Don Weiser photo
In Brevard, N.C., the white squirrels have a distinctive black cap and black saddle that WCU employees aren’t reporting seeing on their white squirrel.
A rare sighting of a white squirrel at Western Carolina University in Cullowhee, N.C. has workers there abuzz.
The squirrel has been spotted a number of times, and is clearly not albino because it doesn’t have pink eyes, said Roger Turk, grounds superintendent for WCU’s facilities management department.
There is a large population of 1,500 or so white squirrels in Brevard, N.C.—a small town east of Cullowhee. The white squirrels are a unique phenomenon intrinsic to that area. Sightings are unusual outside Transylvania County, although not entirely unheard of. It is not known whether the white squirrel in Cullowhee is an offshoot of that population or simply an Eastern Gray Squirrel variation.
Jim Costa, a WCU biology professor and director of the Highlands Biological Station, said it’s possible the white squirrel strain from Brevard migrated to Cullowhee—but it might also be a separate strain that evolved on its own. In Brevard, the white squirrels have a distinctive black cap and black saddle that WCU employees aren’t reporting seeing on their white squirrel.
The white squirrel population in Brevard, according to annual white squirrel counts, is growing larger, Warner said. The 2010 count recorded 37.1 percent white-versus-gray, the highest yet on record, in Brevard, well above the 14-year average of 28.1 percent, according to Brevard’s White Squirrel Research Institute.
One of the prime viewing sites for white squirrels is Brevard College. The town and college are so proud of their white squirrels Brevard holds an annual White Squirrel Festival and a Squirrel Box Derby.

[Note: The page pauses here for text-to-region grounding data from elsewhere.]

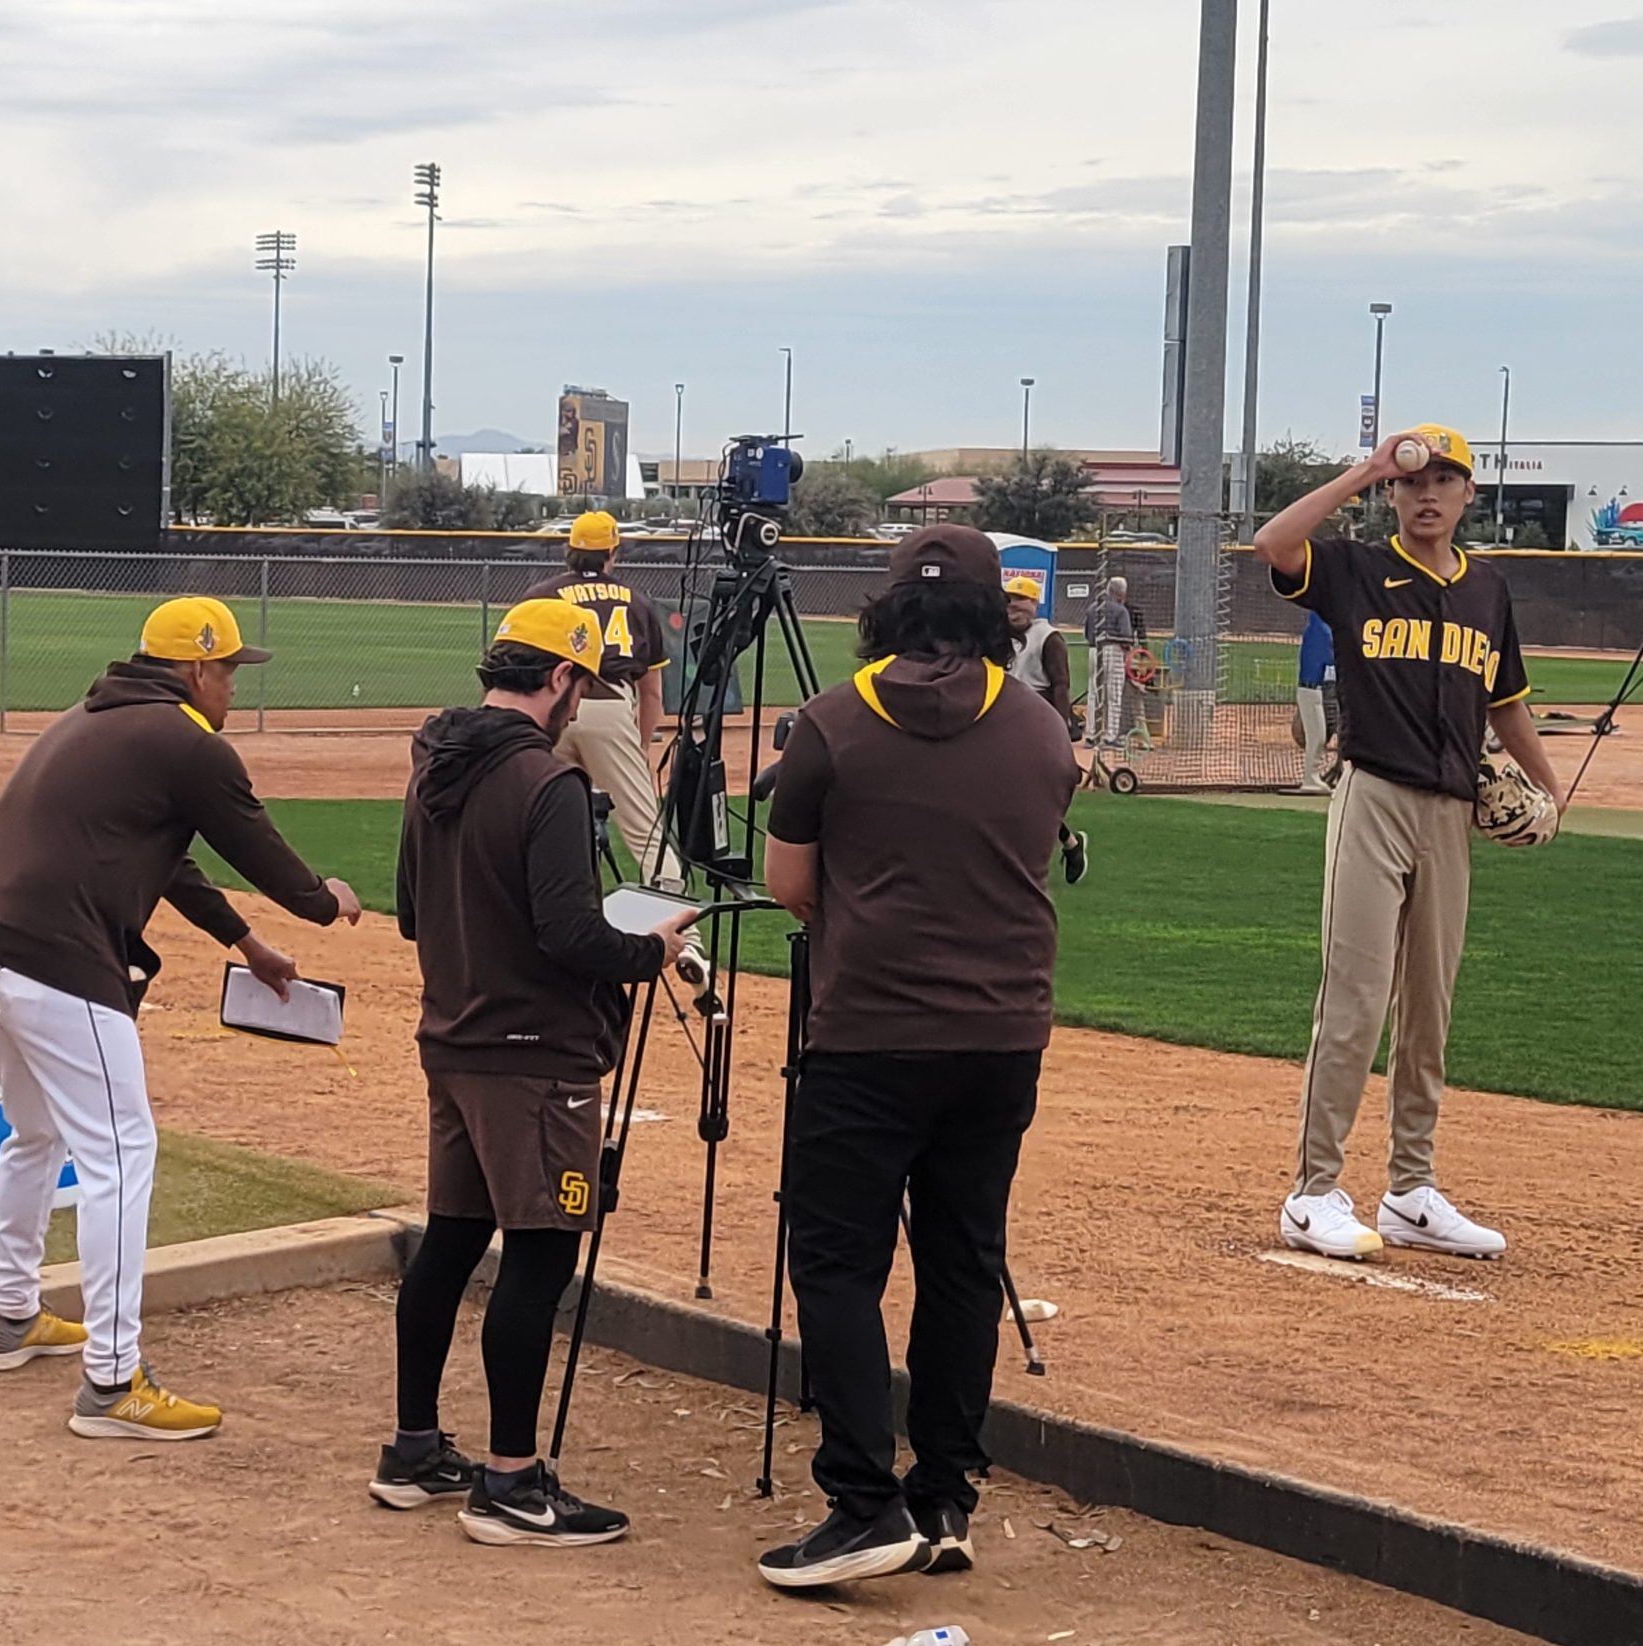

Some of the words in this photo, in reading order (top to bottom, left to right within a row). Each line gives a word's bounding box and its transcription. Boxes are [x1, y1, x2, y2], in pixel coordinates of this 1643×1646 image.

[1509, 461, 1542, 470] ITALIA
[557, 583, 632, 603] WATSON
[1362, 618, 1432, 660] SAN
[559, 1171, 589, 1215] SD
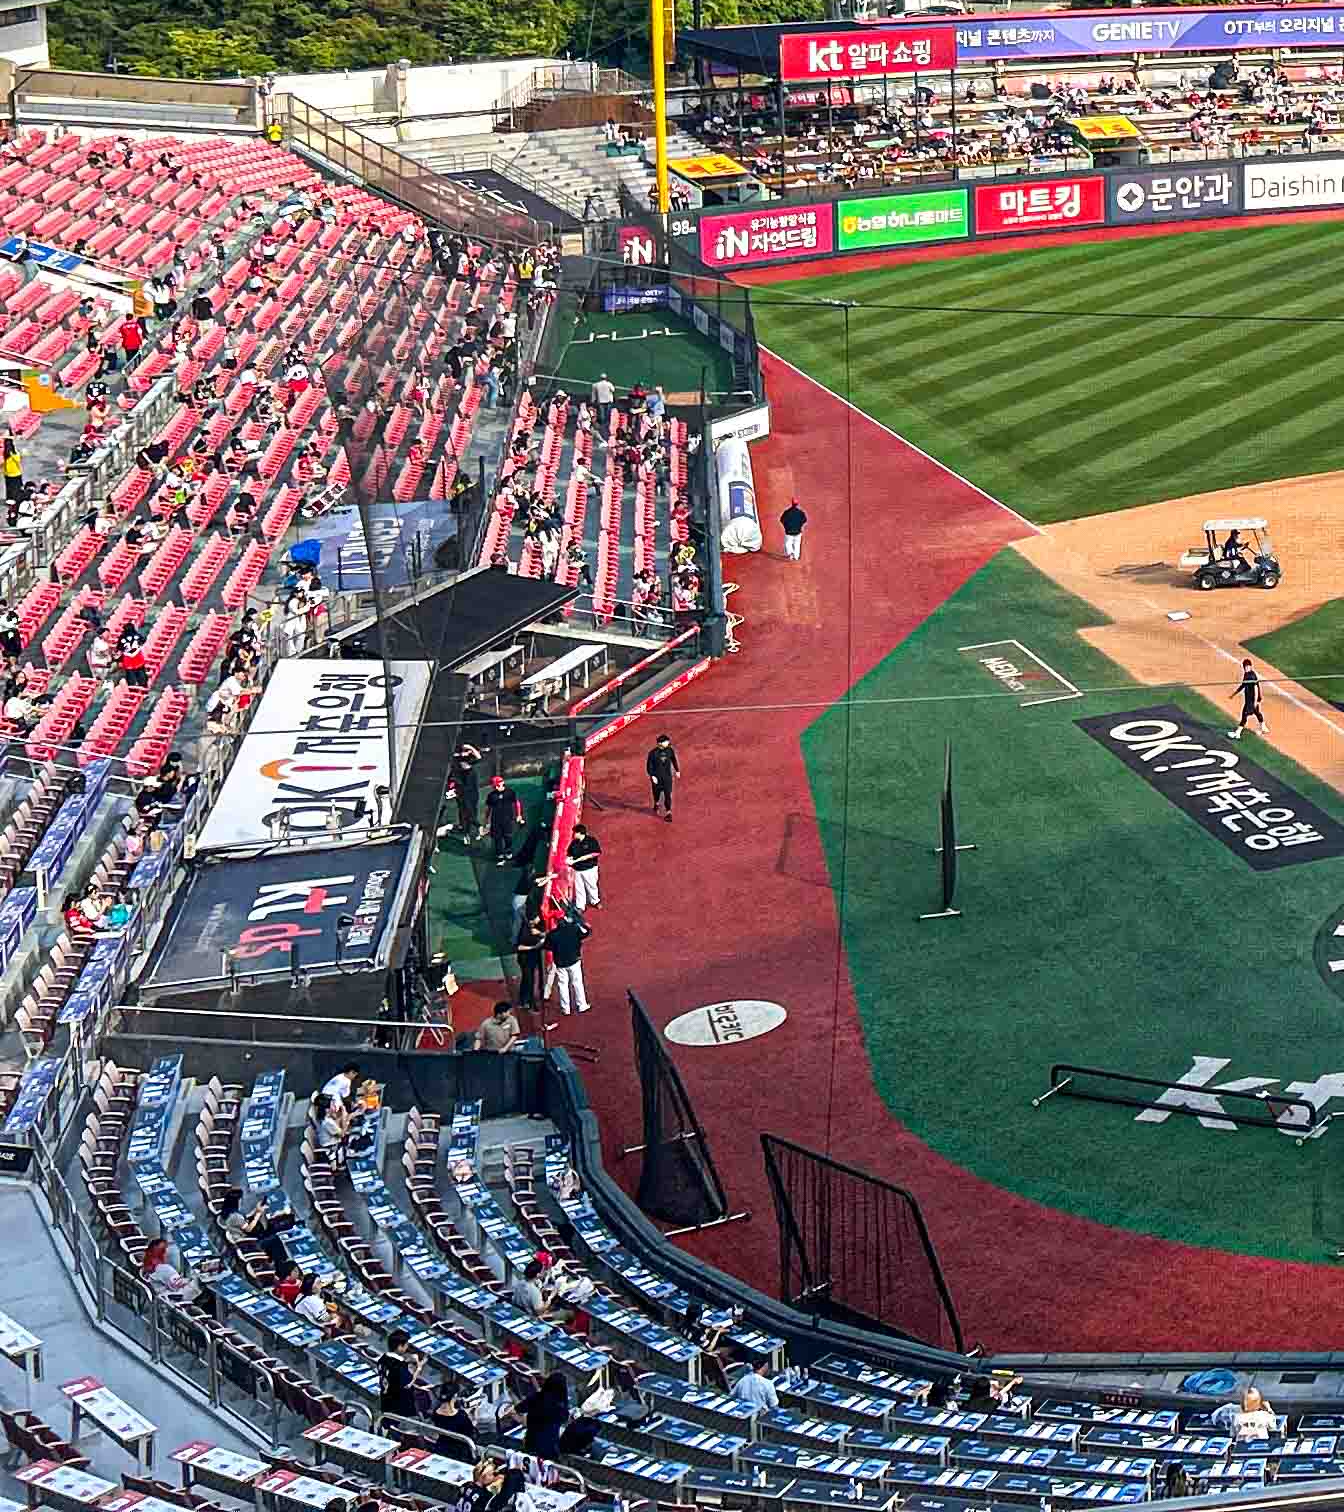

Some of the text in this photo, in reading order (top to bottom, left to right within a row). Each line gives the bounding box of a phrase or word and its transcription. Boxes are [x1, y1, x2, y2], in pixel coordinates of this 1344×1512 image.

[1092, 22, 1152, 42] GENIE
[1153, 21, 1180, 40] TV
[1223, 18, 1277, 36] OTT부터
[1279, 16, 1335, 34] 오리지널
[809, 39, 932, 72] kt 알파 쇼핑
[999, 185, 1081, 217] 마트킹
[1146, 174, 1233, 212] 문안과
[1249, 175, 1337, 200] Daishin
[751, 225, 817, 253] 자연드림
[247, 875, 355, 921] kt
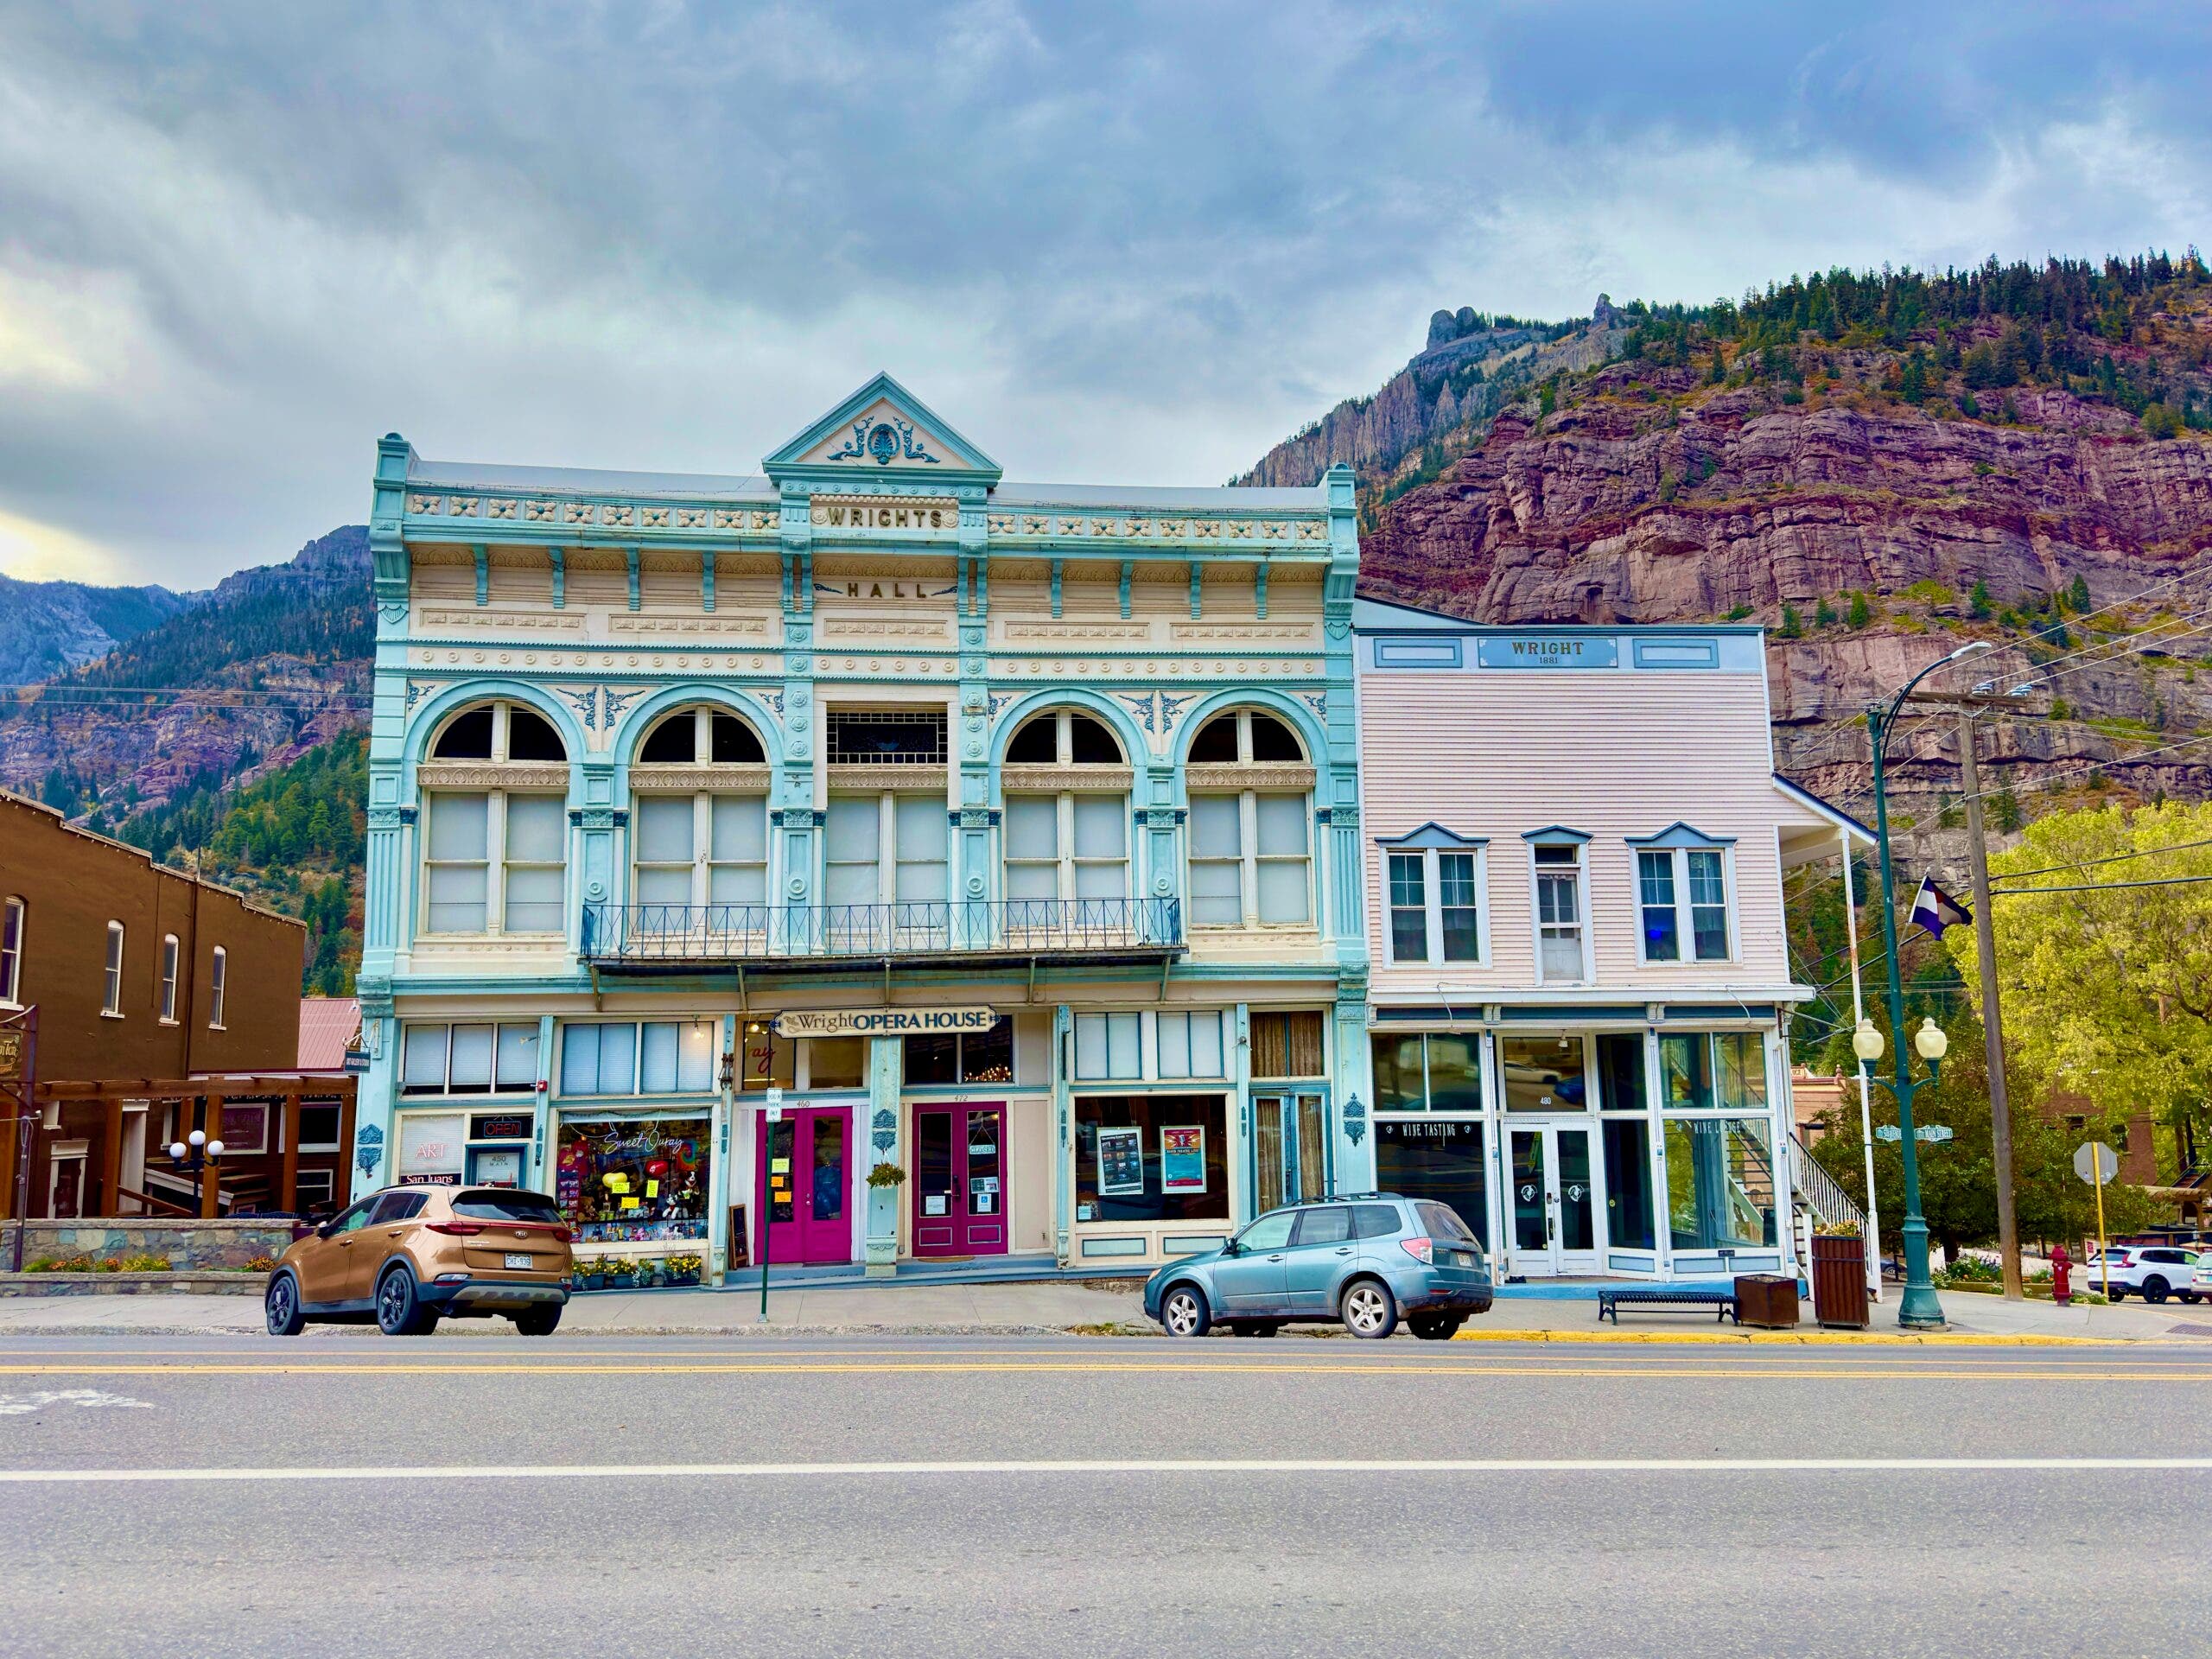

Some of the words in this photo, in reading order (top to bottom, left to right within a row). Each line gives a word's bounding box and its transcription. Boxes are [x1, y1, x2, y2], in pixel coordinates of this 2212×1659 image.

[828, 507, 942, 528] WRIGHTS
[848, 582, 926, 599] HALL
[1511, 641, 1585, 655] WRIGHT
[797, 1012, 854, 1033] Wright
[854, 1014, 921, 1030] OPERA
[925, 1012, 987, 1028] HOUSE
[485, 1123, 520, 1135] OPEN
[1403, 1123, 1421, 1137] WINE
[1424, 1123, 1456, 1140] TASTING
[1694, 1122, 1713, 1134] WINE
[1924, 1129, 1936, 1138] MAIN
[1937, 1128, 1953, 1138] STREET
[605, 1131, 644, 1154] Sweet
[645, 1131, 684, 1154] Ouray
[416, 1144, 448, 1158] ART
[406, 1175, 424, 1184] San

The story behind the population in Brevard seems a mixture of fact and lore. According to history, the white squirrels there originated from a circus truck that overturned in 1949 near the home of a man in Madison, Fla. He gave two white squirrels to another individual, who bequeathed them on Barbara Mull, a longtime resident of Brevard. She kept them inside and hoped they might breed, but they didn’t. In 1951, one of the white squirrels escaped outdoors. Not long afterwards, Barbara’s father let the other white squirrel free. Before long, white squirrels were seen about Brevard. And now, at WCU.